In this, they were prescient; the recent legislation does authorize both SSM and joint adoption by same-sex couples. In that country, opposition to SSM, much of it secular, stemmed from the belief that it would erode the ethical principle, enshrined in the law of France, that children cannot be made the subject and source of a transaction, restricting joint adoption to (opposite-sex) married couples and declaring that the human body, its parts and products cannot be the subject of a patrimonial right.
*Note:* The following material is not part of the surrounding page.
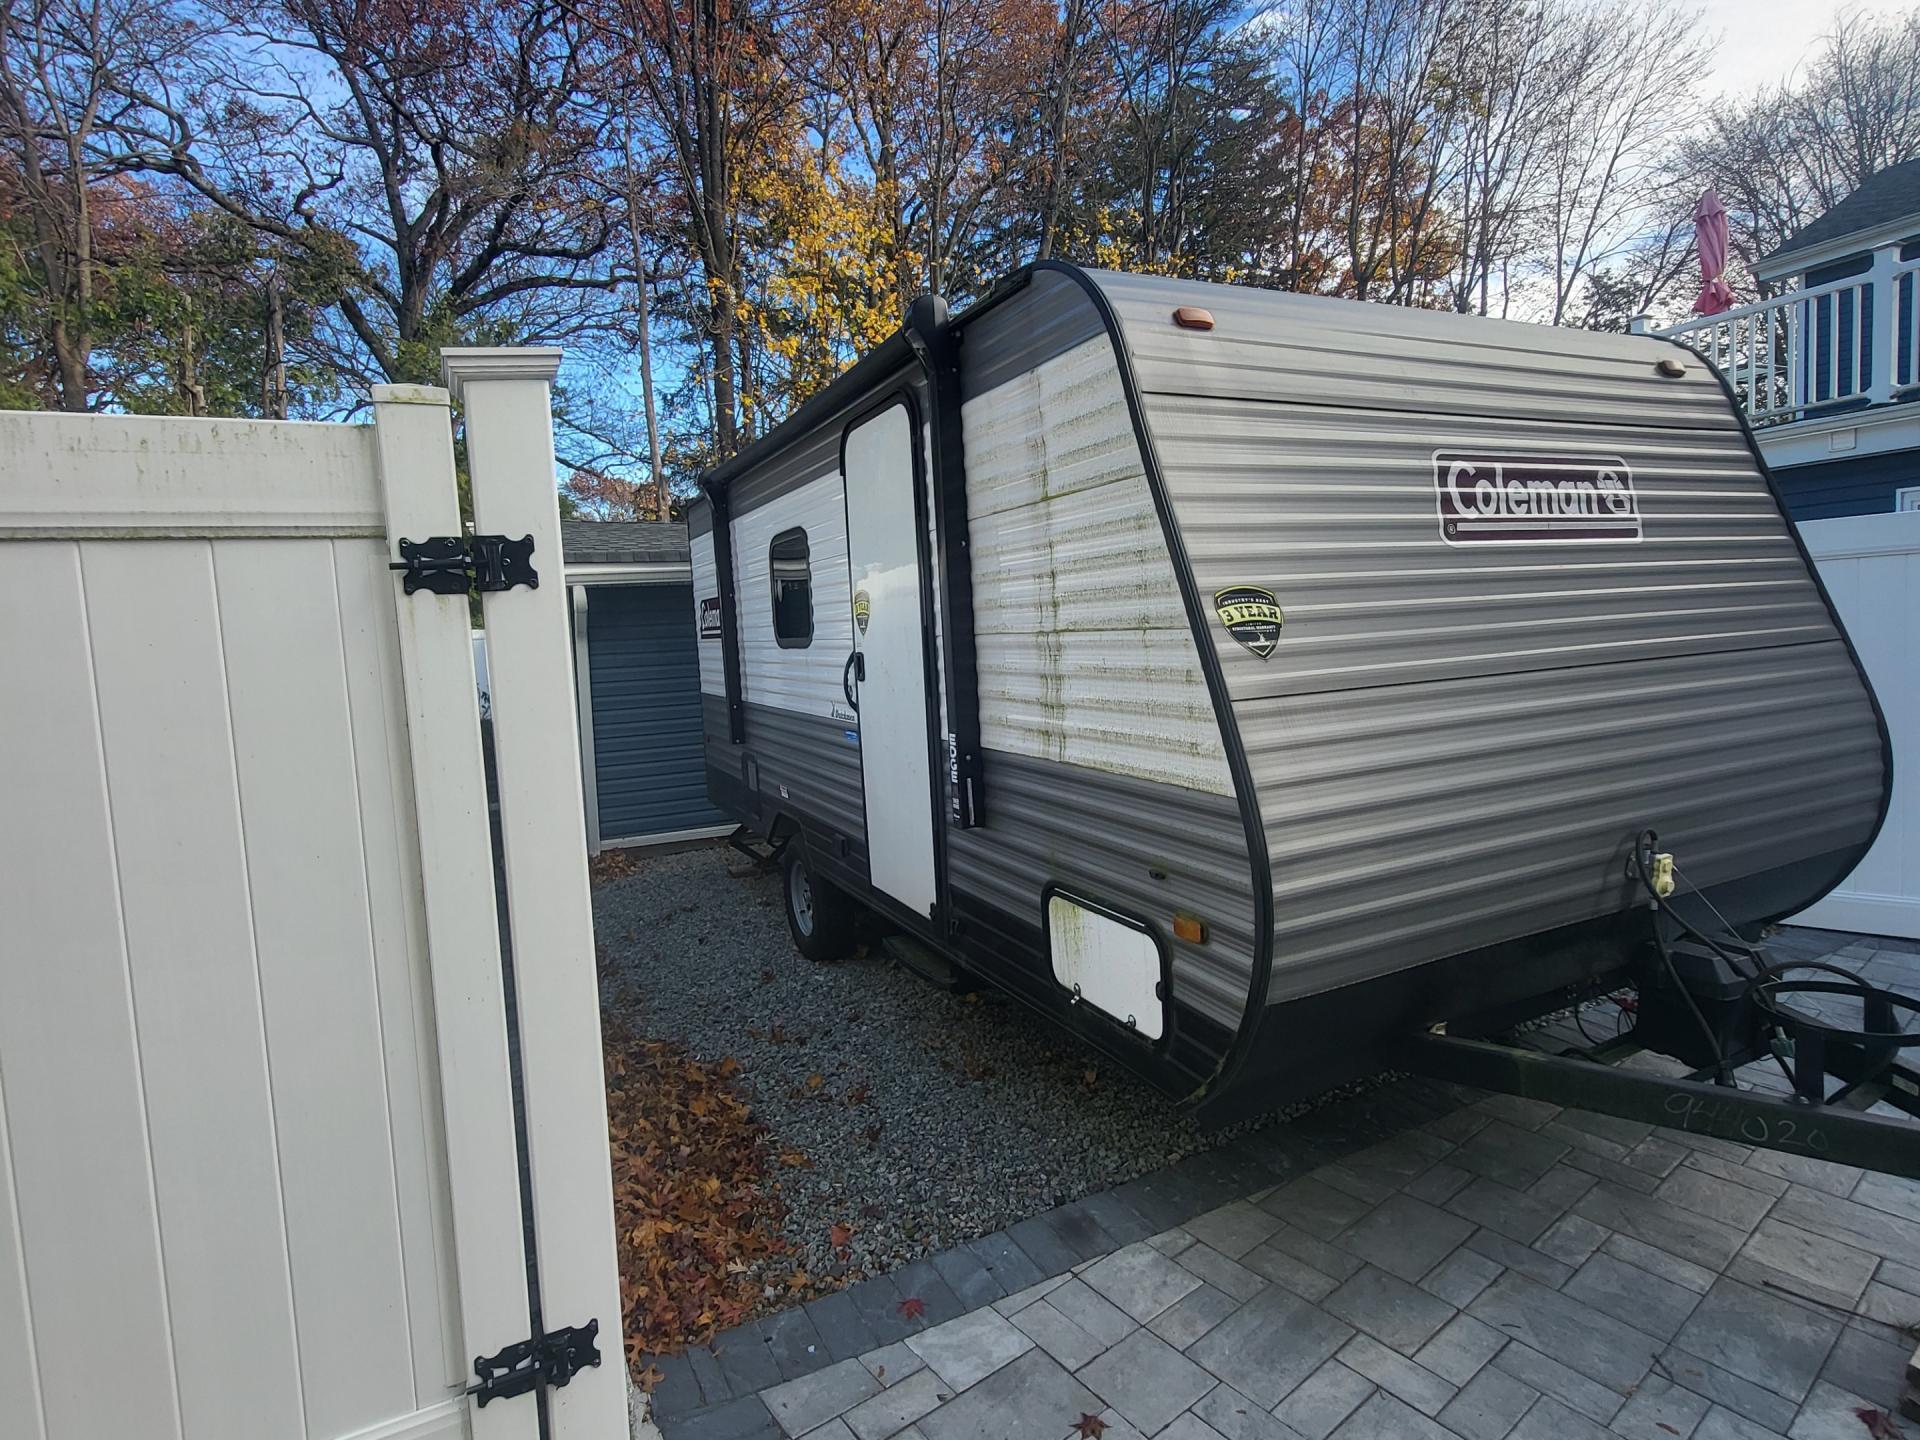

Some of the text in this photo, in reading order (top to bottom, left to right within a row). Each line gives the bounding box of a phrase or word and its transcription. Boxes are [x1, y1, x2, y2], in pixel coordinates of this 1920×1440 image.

In this, I believe they are absolutely right.

Mr Bottom could do with a spot of Gallic logic.

Julianne Wiley
Julianne Wiley
Tuesday, August 27, AD 2013 11:29am

Fathom the depth, breadth and height of meaning of the human activity known as marital, conjugal, um, nuptial (oh, how many of these adjectives do I need to make my meaning clear?), ‘honest’ sexual intercourse.

It is the arch between the pillars of the two sexes, each of which “hold up half the sky”. It is the generating driveshaft working mightily between this generation and the next one; thus, between 10,000 generations past, and (God grant) 10,000 generations to come. It is a holy Communion between Heaven and Earth, since by it we obey God’s first command, conjure Eden anew, and invoke upon ourselves His Eden blessings. It is a constitutive element of a holy Sacrament which — in any Creed and even for the creedless — is still a natural covenant recognized, by being solemnized, in every civilization, in every century, on every inhabited continent.
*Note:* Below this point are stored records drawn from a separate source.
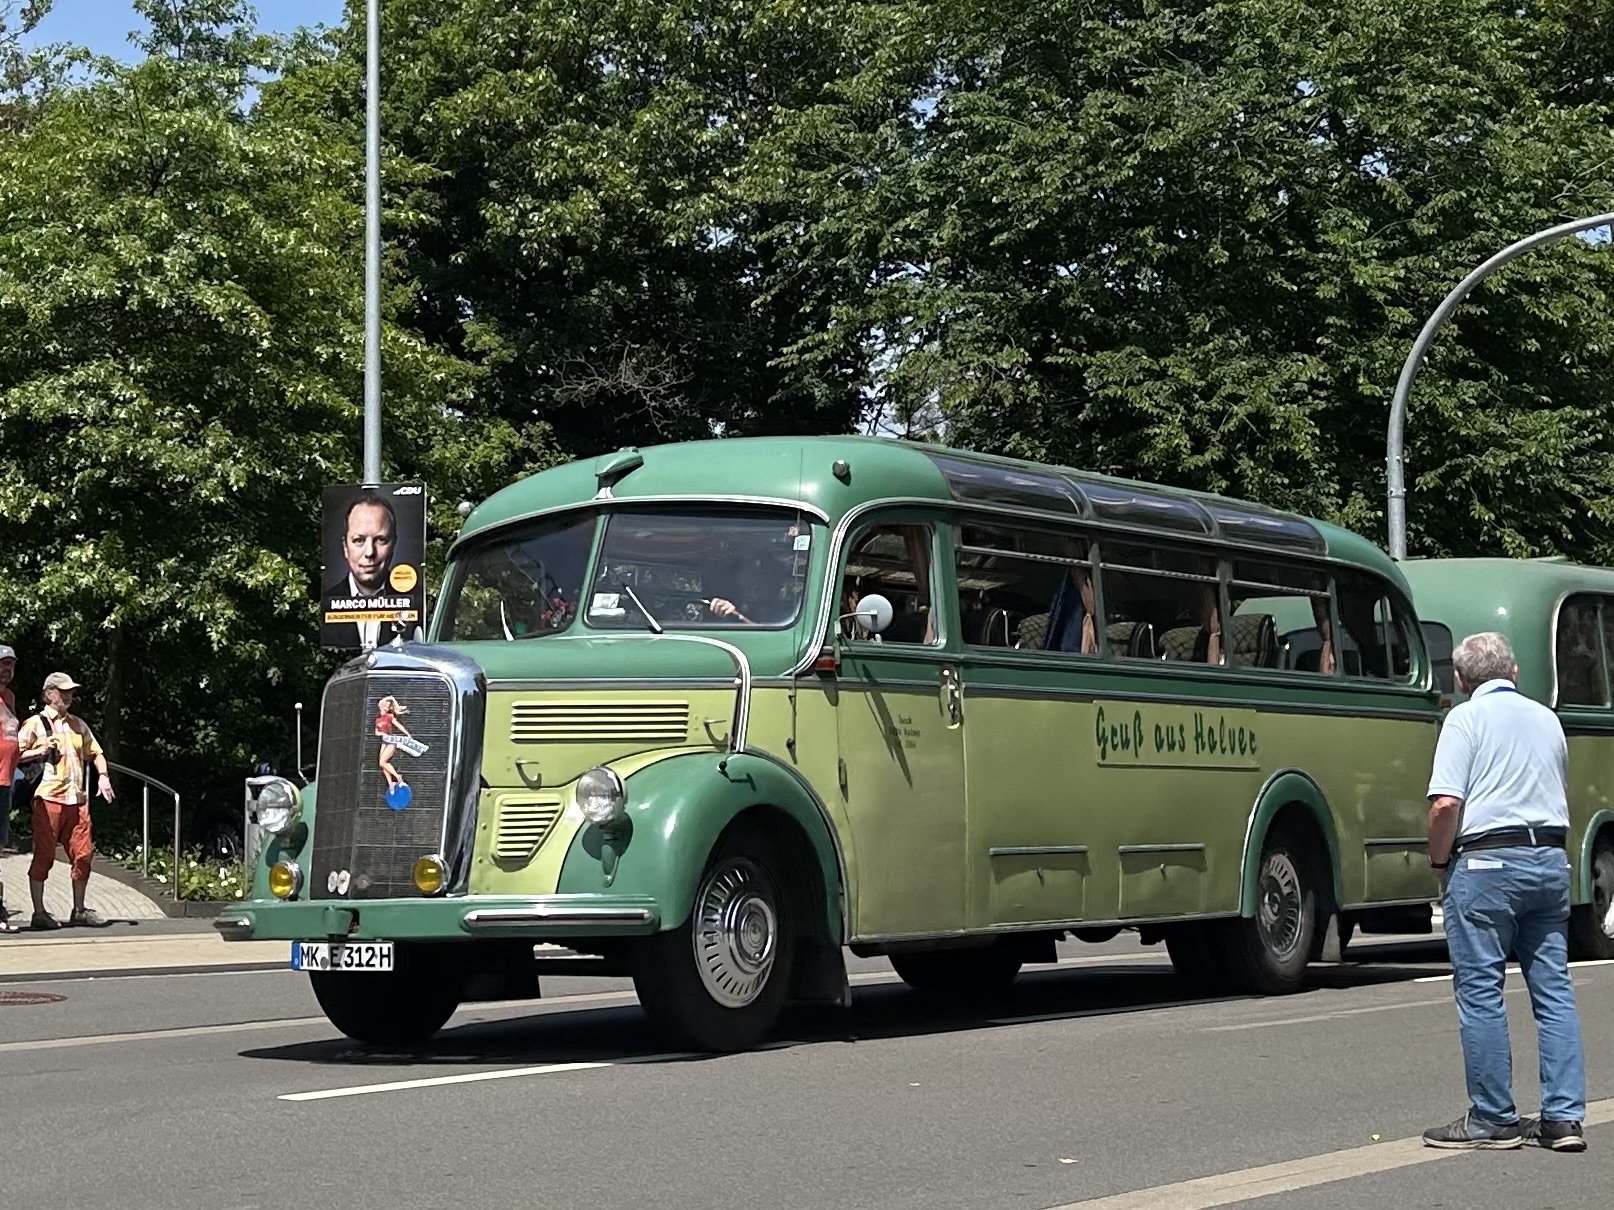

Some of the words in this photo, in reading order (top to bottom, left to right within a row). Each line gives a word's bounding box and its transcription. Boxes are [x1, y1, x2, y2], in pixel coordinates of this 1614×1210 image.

[399, 486, 422, 495] CDU
[331, 599, 367, 609] MARCO
[368, 596, 411, 609] MÜLLER
[1096, 706, 1144, 761] Gruß
[1155, 723, 1186, 753] aus
[1194, 711, 1257, 756] Halver
This intercourse is a connector between male and female generative organs (am I still allowed to say that?) and makes solid, mutually resonating sense of male and female anatomy and physiology. This intercourse breeds — bless it, breeds immortal beings. The close study of its cells, tissues, organs and systems invokes awe; even in videos it thrills our little ones and, alike, their elders on whose laps they rest. Seeing this, we’ve see and sense wonders equal to a billion galaxies: and we sense it in our own flesh!

Fecund phraseology? Still, you know what I’m talking about.
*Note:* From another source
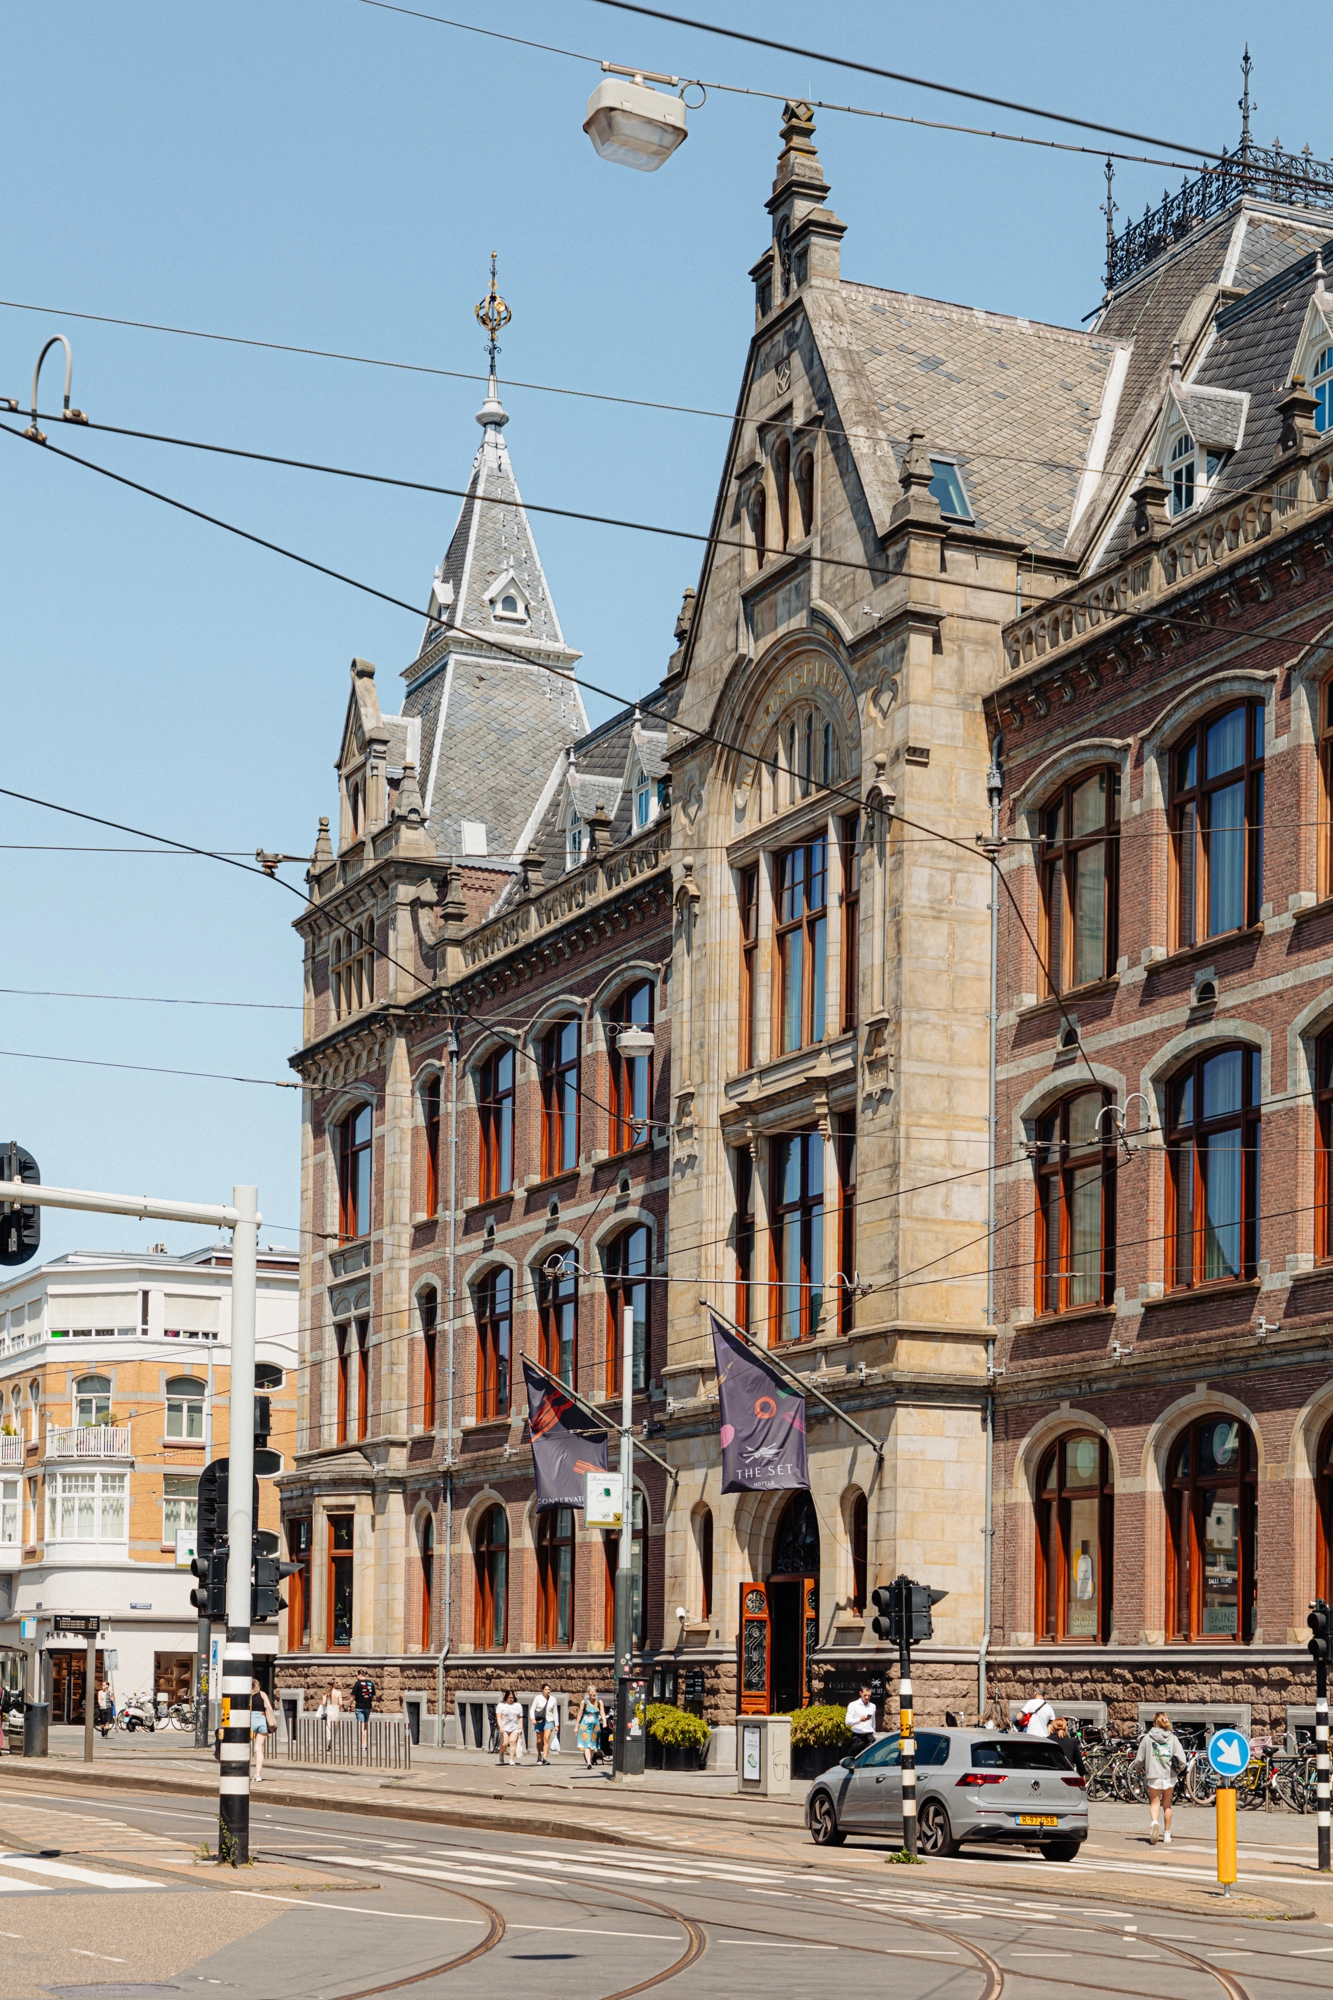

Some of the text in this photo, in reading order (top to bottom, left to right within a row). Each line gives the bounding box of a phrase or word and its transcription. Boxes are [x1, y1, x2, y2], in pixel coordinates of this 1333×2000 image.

It seems to me that one of the sad and disappointing things about homosexual relations is that they reduce the two participants to a kinds of nut/nut or bolt/bolt absurdity. Clunk. Thud-headed. Where’s the sense in this sensation?

Now speaketh the Bride:
High must be the chamber –
Hymenaeum!
Make it high, you builders!
A bridegroom’s coming –
Hymenaeum!
Like the War-god himself, the tallest of the tall!

Same-sex relations take the whole grand architecture of sexual differentiation and divide it by zero.

“Immanentize the Eschaton,” did somebody say?

I say, Immanentize the Epithalamion.

Paul D.
Paul D.
Tuesday, August 27, AD 2013 4:00pm

I probably shouldn’t be but I’m still curious. By what creative mechanism does someone who ought to know better and certainly understands the distinction between prudential judgment and defined moral precepts, one day wake up and decide that prudential judgments are too restrictive for the purview of their conscience? I can understand that when one is outside the Church but once you acknowledge you are not your own vicar then how do you ever arrive at usurping that authority as if it’s open to discussion on a case by case basis? Crazy apostates.

Pinky
Pinky
Tuesday, August 27, AD 2013 5:31pm

echarles1 – Concern for the individual person, homosexual or heterosexual, is a good thing. No one’s faulting Bottum for that. But concern is not an argument, for gay marriage or for anything else. Indeed, concern for the individual should drive him to be more outspoken in defense of the teachings of the Church, because those teachings can steer all of us toward God. His essay muddies things up for the people who are under attack by our messed-up society. Those who would give up some truth out of a sense of love will lose both.

Art Deco
Tuesday, August 27, AD 2013 6:54pm

Indeed, concern for the individual should drive him to be more outspoken in defense of the teachings of the Church, because those teachings can steer all of us toward God.

If you suggest someone has to adhere to a standard that requires some discipline and is not defined by the social work/psychotherapeutic trade, you are not feeling their pain. Recall that the exchange between the bourgeois and the homosexual is one of mutual ego satisfactions, affirmation for opportunities for self-congratulation.